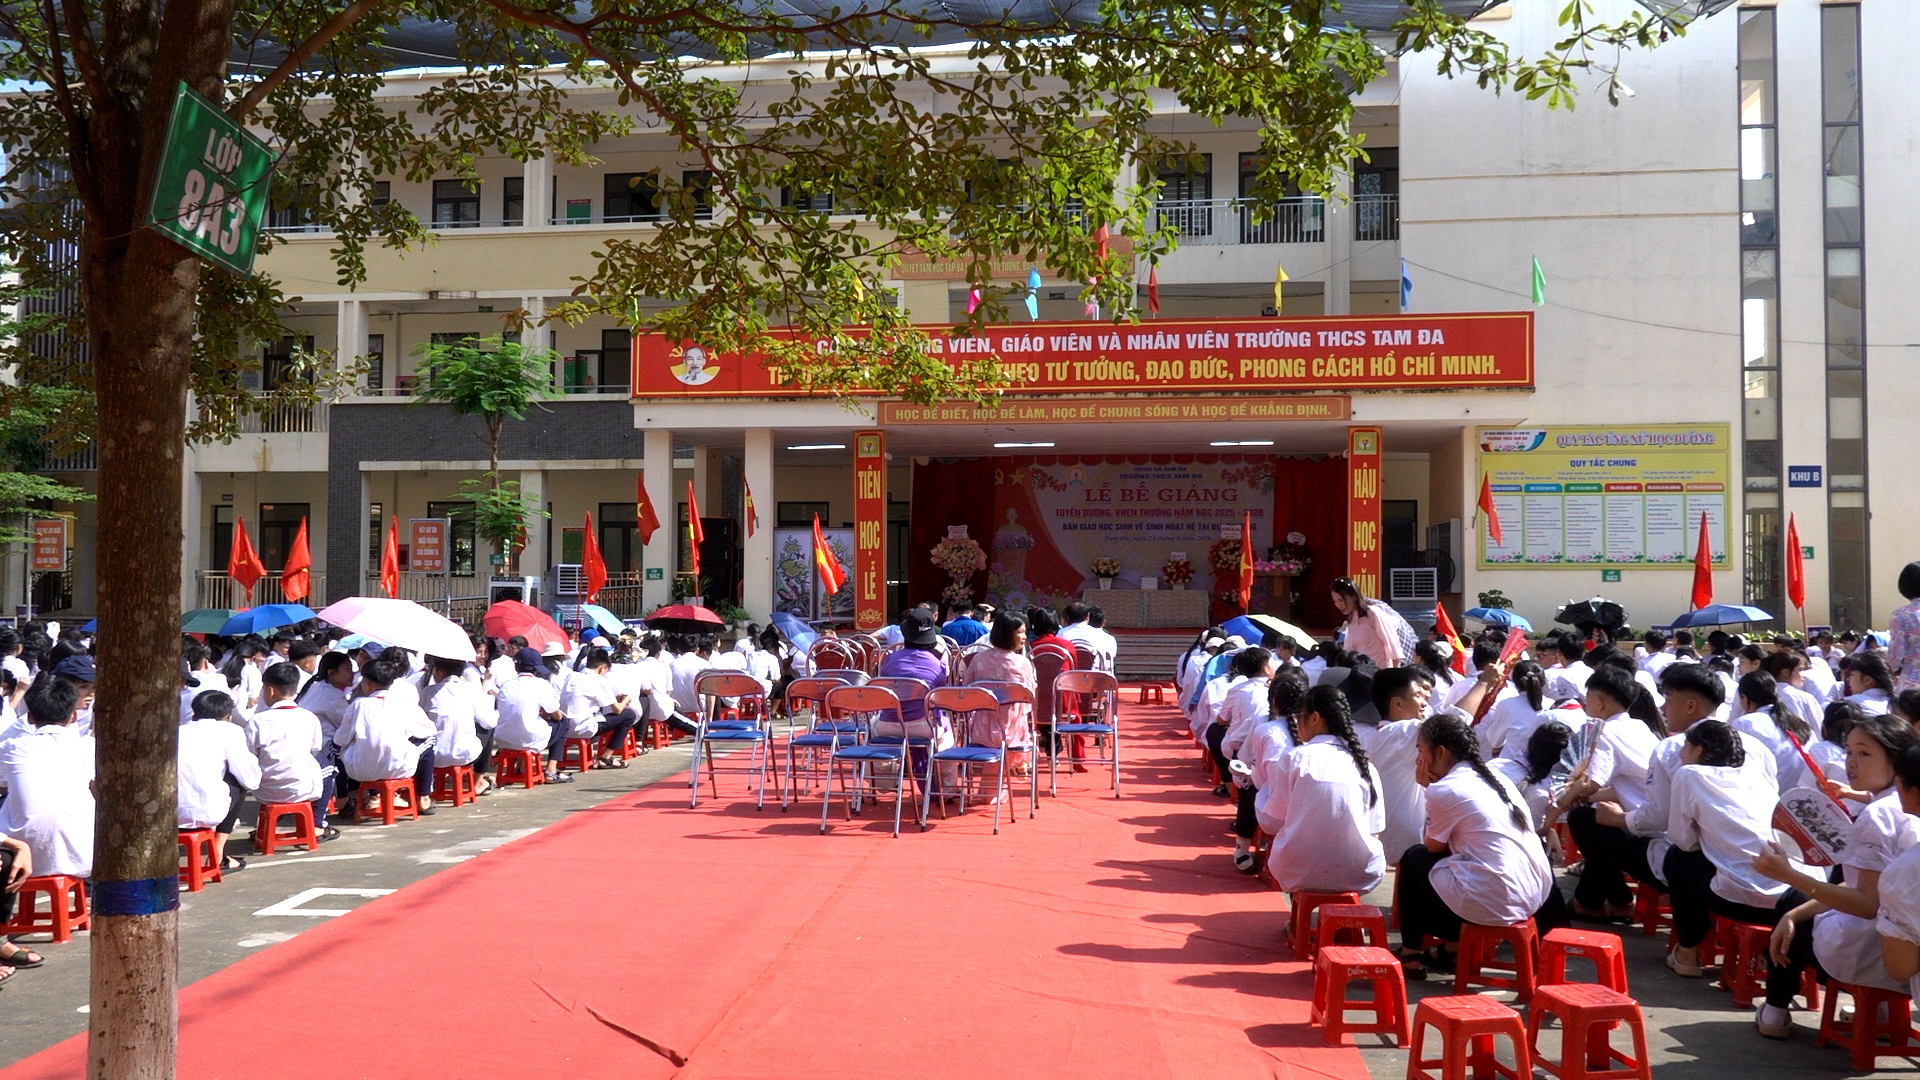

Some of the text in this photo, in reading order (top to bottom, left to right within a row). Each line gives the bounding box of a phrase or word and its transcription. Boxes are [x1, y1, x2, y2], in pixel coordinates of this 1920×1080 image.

[205, 128, 242, 173] LỚP
[178, 169, 245, 255] 8A3
[1002, 333, 1045, 353] GIÁO
[1049, 331, 1092, 352] VIÊN
[1097, 331, 1122, 351] VÀ
[1127, 329, 1180, 350] NHÂN
[1186, 329, 1230, 350] VIÊN
[1235, 327, 1311, 348] TRƯỜNG
[1316, 330, 1366, 347] THCS
[1371, 329, 1412, 346] TAM
[1416, 328, 1445, 346] ĐA
[995, 361, 1040, 383] THEO
[1046, 360, 1070, 382] TƯ
[1074, 355, 1140, 384] TƯỞNG,
[1145, 360, 1184, 384] ĐẠO
[1189, 355, 1235, 383] ĐỨC,
[1240, 357, 1306, 379] PHONG
[1312, 352, 1364, 378] CÁCH
[1370, 348, 1396, 377] HỒ
[1402, 351, 1436, 377] CHÍ
[1441, 354, 1501, 376] MINH.
[896, 400, 1331, 422] HỌC ĐỂ BIẾT, HỌC ĐỂ LÀM, HỌC ĐỂ CHUNG SỐNG VÀ HỌC ĐỂ KHẲNG ĐỊNH.
[1557, 434, 1579, 449] QUY
[1570, 457, 1637, 468] QUY TẮC CHUNG
[1790, 471, 1820, 482] KHU B
[858, 464, 881, 499] TIÊN
[1084, 480, 1238, 502] LỄ BẾ GIẢNG
[1353, 462, 1377, 506] HẬU
[1079, 522, 1097, 531] GIAO
[1098, 522, 1113, 533] HỌC
[1114, 522, 1133, 531] SINH
[1145, 522, 1163, 531] SINH
[1164, 522, 1184, 533] HOẠT
[1114, 508, 1137, 518] KHEN
[1173, 506, 1193, 518] NĂM
[1194, 508, 1211, 520] HỌC
[1214, 508, 1235, 518] 2025
[859, 520, 880, 556] HỌC
[1353, 521, 1376, 558] HỌC
[864, 560, 877, 600] LỄ
[1353, 567, 1376, 599] VĂN
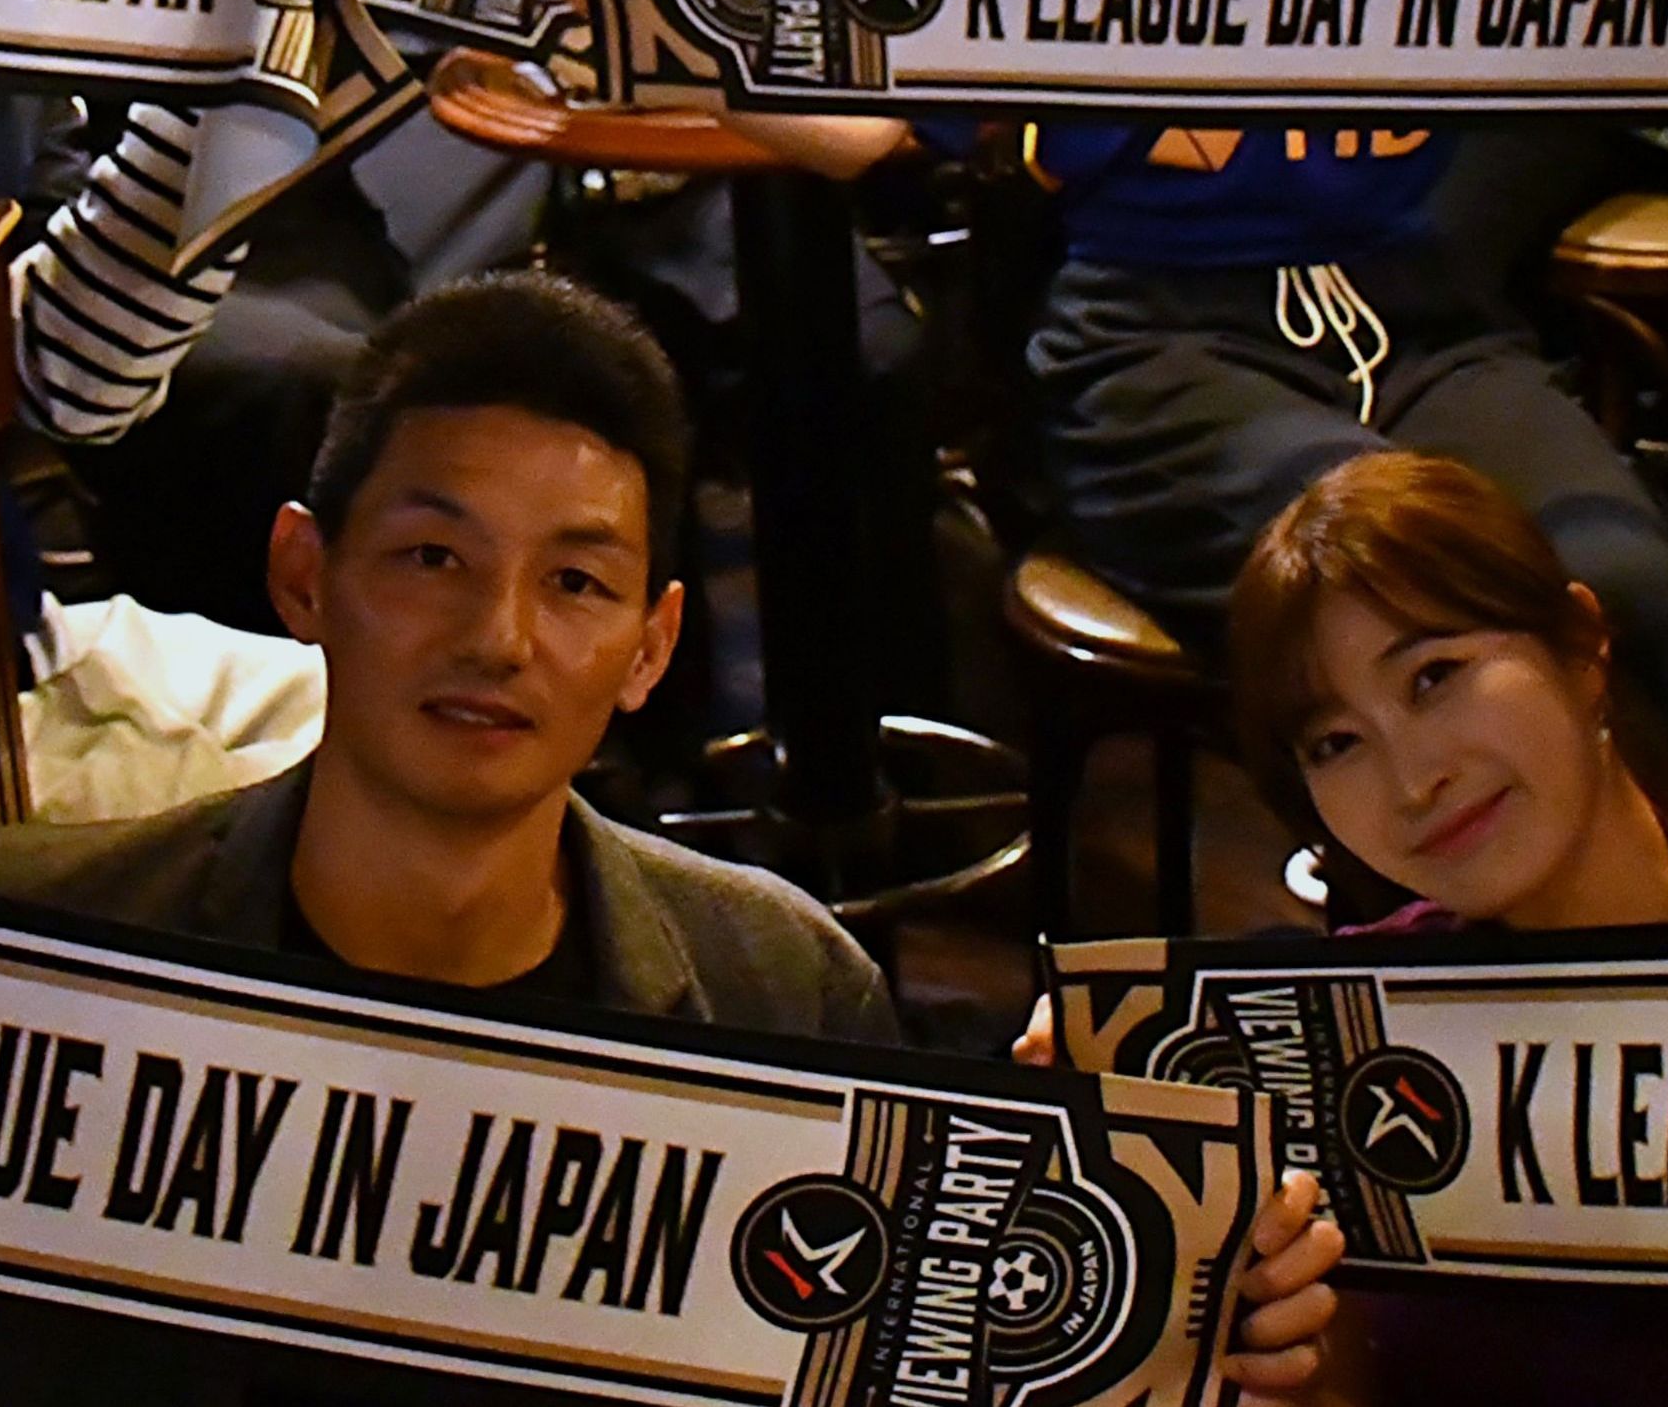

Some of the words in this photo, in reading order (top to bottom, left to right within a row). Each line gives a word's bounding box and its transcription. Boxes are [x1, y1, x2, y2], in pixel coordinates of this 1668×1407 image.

[102, 1051, 301, 1244] DAY
[290, 1085, 415, 1267] IN
[409, 1109, 726, 1317] JAPAN
[926, 1113, 1033, 1249] PARTY
[1497, 1041, 1557, 1206] K
[871, 1163, 935, 1372] INTERNATIONAL
[1060, 1307, 1087, 1337] IN
[1077, 1238, 1102, 1312] JAPAN

- - -

◆ PROBLEM STATEMENT
Transcribe the line that contains "Some of the words" exactly, then each line after it through the end of the material. Nothing else belongs in the output.

◆ SOLUTION TO THE PROBLEM
Some of the words in this photo, in reading order (top to bottom, left to right within a row). Each line gives a word's bounding box and its transcription. Boxes are [x1, y1, x2, y2], in pixel coordinates of this 1668×1407 image.

[102, 1051, 301, 1244] DAY
[290, 1085, 415, 1267] IN
[409, 1109, 726, 1317] JAPAN
[926, 1113, 1033, 1249] PARTY
[1497, 1041, 1557, 1206] K
[871, 1163, 935, 1372] INTERNATIONAL
[1060, 1307, 1087, 1337] IN
[1077, 1238, 1102, 1312] JAPAN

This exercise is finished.